→ **Try it**:
Each entry has to be given again in its exact wording, and no picture may appear in the result.

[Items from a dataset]
————

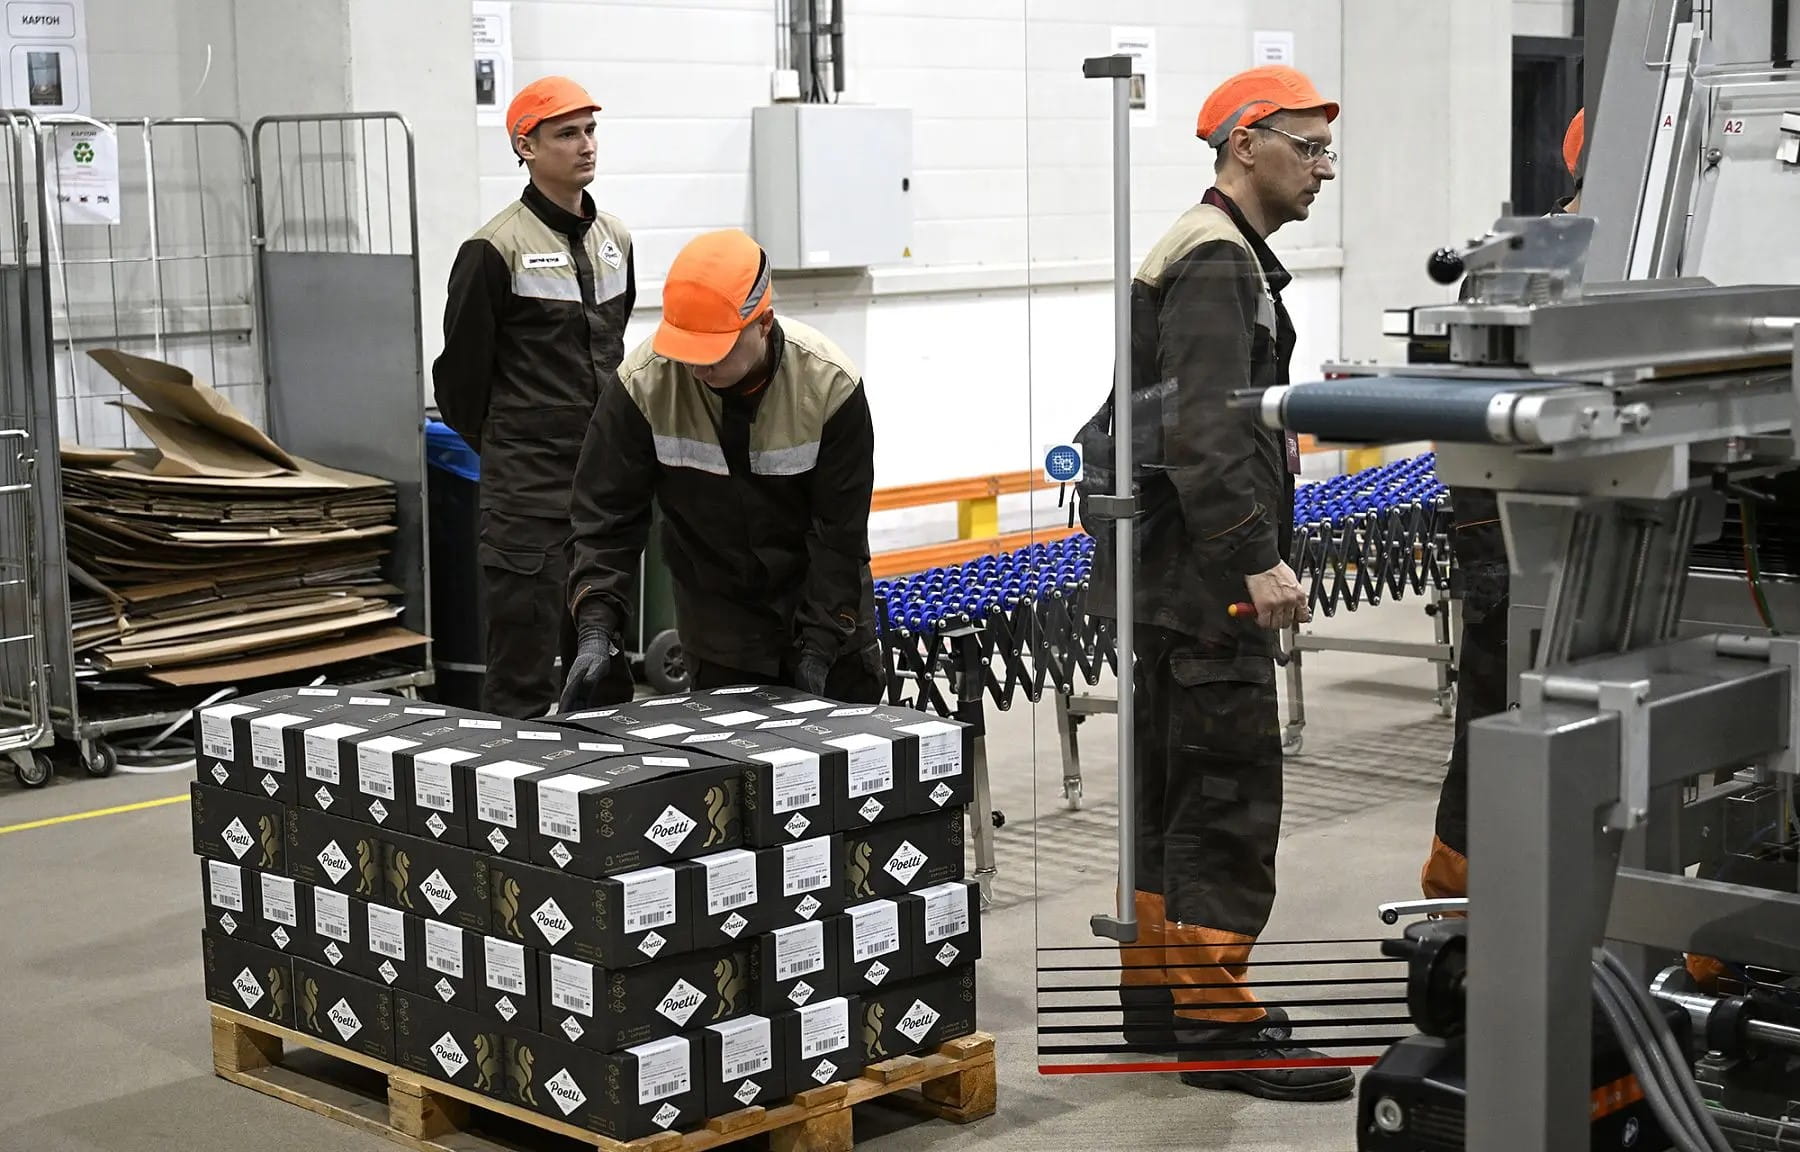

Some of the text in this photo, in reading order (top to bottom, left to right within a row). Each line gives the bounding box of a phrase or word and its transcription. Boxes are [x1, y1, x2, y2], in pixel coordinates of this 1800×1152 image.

[22, 15, 60, 25] КАРТОН
[1663, 115, 1672, 127] A
[1723, 120, 1743, 133] A2
[933, 790, 949, 798] Poetti
[862, 806, 880, 814] Poetti
[652, 820, 689, 839] Poetti
[788, 822, 806, 830] Poetti
[226, 829, 249, 846] Poetti
[322, 852, 346, 870] Poetti
[889, 854, 922, 872] Poetti
[424, 882, 452, 901] Poetti
[798, 903, 817, 912] Poetti
[536, 911, 566, 931] Poetti
[724, 921, 743, 930] Poetti
[642, 940, 661, 949] Poetti
[938, 950, 956, 960] Poetti
[868, 968, 885, 978] Poetti
[236, 979, 259, 996] Poetti
[792, 988, 810, 999] Poetti
[663, 993, 700, 1013] Poetti
[332, 1009, 357, 1029] Poetti
[902, 1012, 934, 1031] Poetti
[435, 1044, 463, 1064] Poetti
[815, 1067, 833, 1077] Poetti
[550, 1081, 580, 1102] Poetti
[738, 1087, 757, 1098] Poetti
[656, 1111, 676, 1122] Poetti

————

→ **The completed task**:
Some of the text in this photo, in reading order (top to bottom, left to right within a row). Each line gives the bounding box of a phrase or word and its transcription. Boxes are [x1, y1, x2, y2], in pixel coordinates of this 1800×1152 image.

[22, 15, 60, 25] КАРТОН
[1663, 115, 1672, 127] A
[1723, 120, 1743, 133] A2
[933, 790, 949, 798] Poetti
[862, 806, 880, 814] Poetti
[652, 820, 689, 839] Poetti
[788, 822, 806, 830] Poetti
[226, 829, 249, 846] Poetti
[322, 852, 346, 870] Poetti
[889, 854, 922, 872] Poetti
[424, 882, 452, 901] Poetti
[798, 903, 817, 912] Poetti
[536, 911, 566, 931] Poetti
[724, 921, 743, 930] Poetti
[642, 940, 661, 949] Poetti
[938, 950, 956, 960] Poetti
[868, 968, 885, 978] Poetti
[236, 979, 259, 996] Poetti
[792, 988, 810, 999] Poetti
[663, 993, 700, 1013] Poetti
[332, 1009, 357, 1029] Poetti
[902, 1012, 934, 1031] Poetti
[435, 1044, 463, 1064] Poetti
[815, 1067, 833, 1077] Poetti
[550, 1081, 580, 1102] Poetti
[738, 1087, 757, 1098] Poetti
[656, 1111, 676, 1122] Poetti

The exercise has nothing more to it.